The only cathedral left standing today is the grove of spruce trees that decorate a slow incline up and away from the water’s edge at the north end of the lake. As part of village landscaping, J. D. McLean planted the trees in 1928. Vulnerable to the prevailing, often harsh, northwest winds, the trees lean away from the wind. It’s not a thick grove but an airy and light stand. Under your feet lies eighty years of brown needles thatched in slow decay.
By the 1960s, the spruces were their most verdant. Early maturity brought a luscious deep green to the shore when viewed in perfect morning light. Under these sheltering branches, many rites of passage and epiphanal moments occurred for my friends and me. Here bonding moments so serene, proving moments so intense and our love for the whole wide world created new beings out of us. Boundless expressions of song and laughter echoed among the trees and into the starry night; acoustic guitars were strummed to bleeding during long rambling confessions of angst, love and guilt.In this confessional, the trees listened patiently, ever returning each of us to sanctity, to grace.
With the wisdom of age and experience that we sensed as youth, when I walk among these trees today, I am among friends. To walk among them now is to hear the echoes of young voices and see friends splashing in the shiny water, to hear the blues played on a lone harmonica at the edge of a prairie lake by a farm boy whose father works him like slave.
Confusing, hormone-befuddled days turned into evenings of comradeship, peace and caring, of understandings that curious youth bring only to each other. Spirit lived in this cathedral and still does today. The links we share with our past when using landmarks as guides are the local knowledge and the discovery of Spirit in yet another form.
Today the trees are past maturity, their trunks mostly bare, their foliage a rickety umbrella high overhead. The overripe spruce are easy pickings for wind; they creak now even in small breezes. Crushing windstorms break off the old trees regularly. Yet they remain my lone cathedral, still bending in the wind, becoming ever more majestic in their age and decay.

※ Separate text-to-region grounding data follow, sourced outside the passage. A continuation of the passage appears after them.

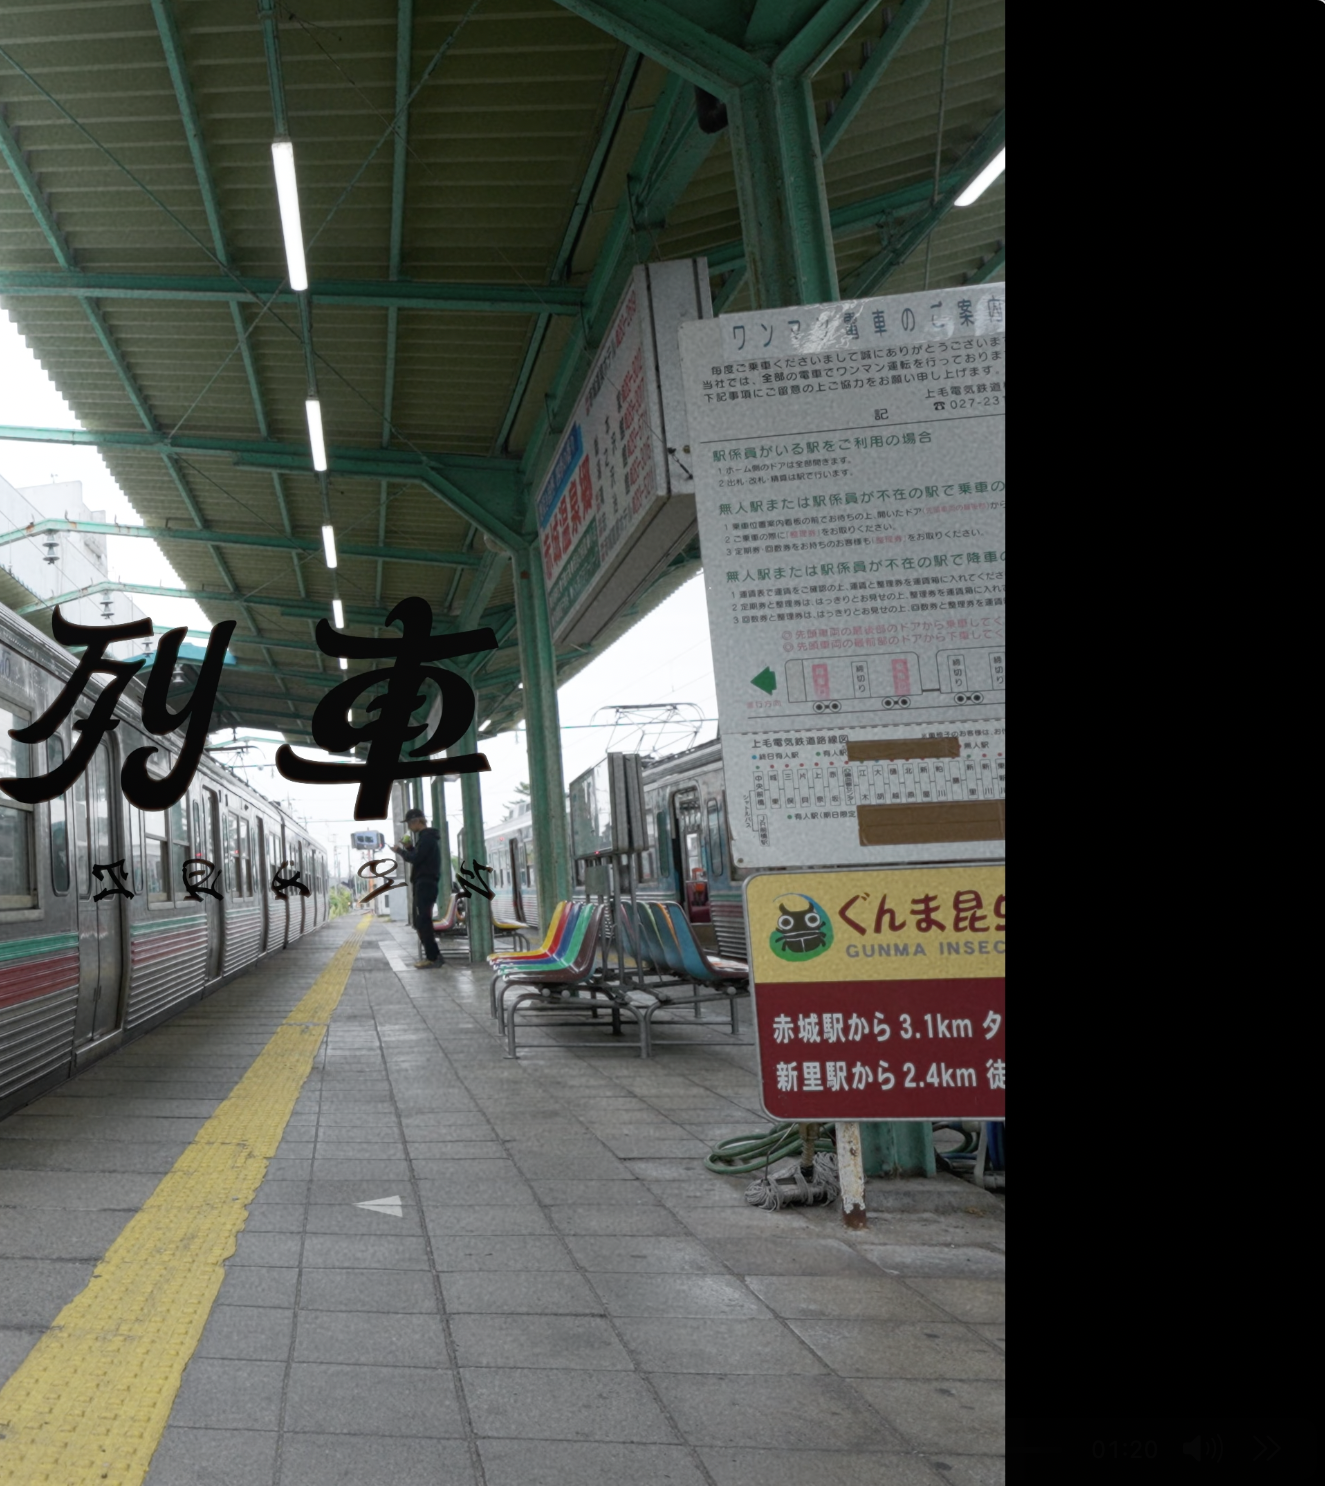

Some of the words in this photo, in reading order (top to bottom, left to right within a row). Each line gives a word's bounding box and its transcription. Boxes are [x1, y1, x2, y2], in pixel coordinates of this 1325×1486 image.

[702, 350, 1005, 390] 当社では、全部の電車でワンマン運転を行っておりま
[711, 336, 1005, 376] 毎度ご乗車くださいまして誠にありがとうございま
[924, 382, 1005, 399] 上毛電気鉄道
[950, 396, 1005, 410] 027-23
[874, 408, 889, 421] 記
[712, 430, 933, 463] 駅係員がいる駅をご利用の場合
[719, 480, 1005, 515] 無人駅または駅係員が不在の駅で乗車の
[741, 597, 1005, 624] 回数券と整理券は、はっきりとお見せの上、回数券と整理券を運賃
[751, 735, 850, 749] 上毛電気鉄道路線図
[759, 751, 799, 760] 終日有人駅
[755, 775, 765, 807] 中央前橋
[859, 769, 869, 801] 江木
[874, 769, 885, 800] 大胡
[981, 763, 993, 795] 新川
[846, 943, 927, 959] GUNMA
[773, 1011, 891, 1044] 赤城駅から
[900, 1012, 973, 1040] 3.1km
[776, 1059, 896, 1092] 新里駅から
[903, 1061, 978, 1088] 2.4km
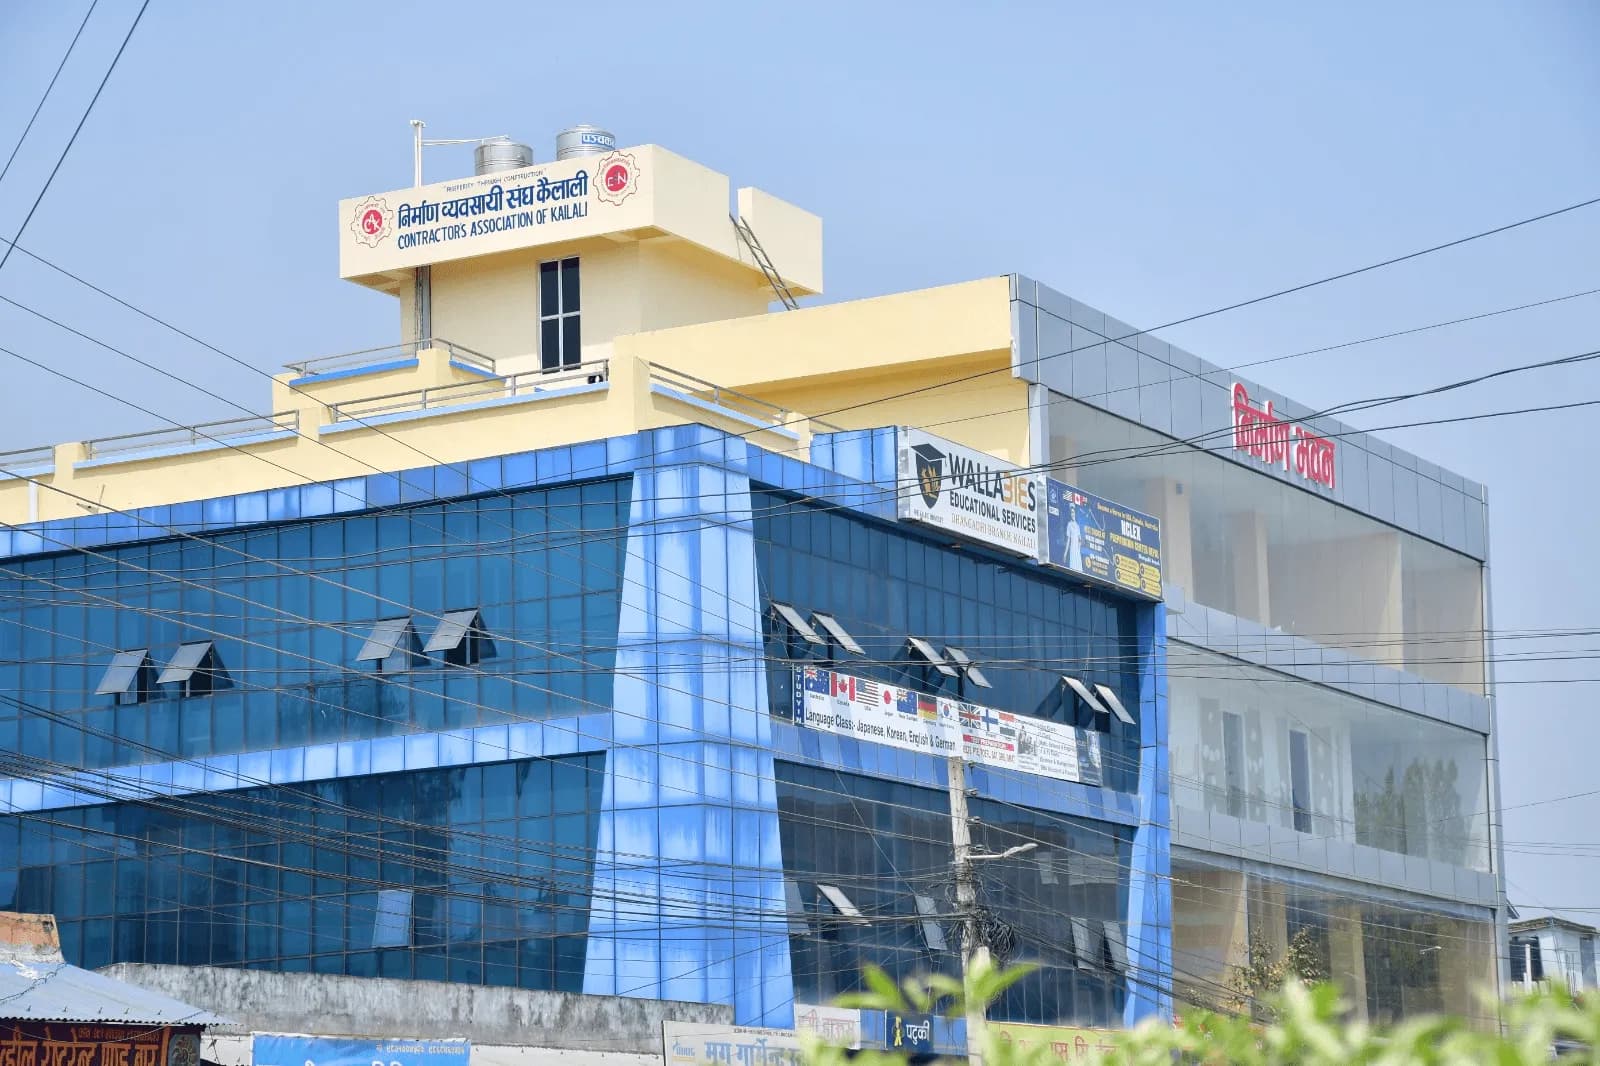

Although grass grows thick over my parent’s graves in Shoal Lake Cemetery and I have few friends left in the town, Shoal Lake is still home in the sense of it being the repository of my growing and changing. It is where those memories reside. It will always be home to the cathedrals that played significant roles in my youth, cathedrals that time and progress have taken away.
One other thing Shoal Lake taught me: when I left home, I forfeited the right to influence or own my cathedrals anywhere but in memory. As it should be.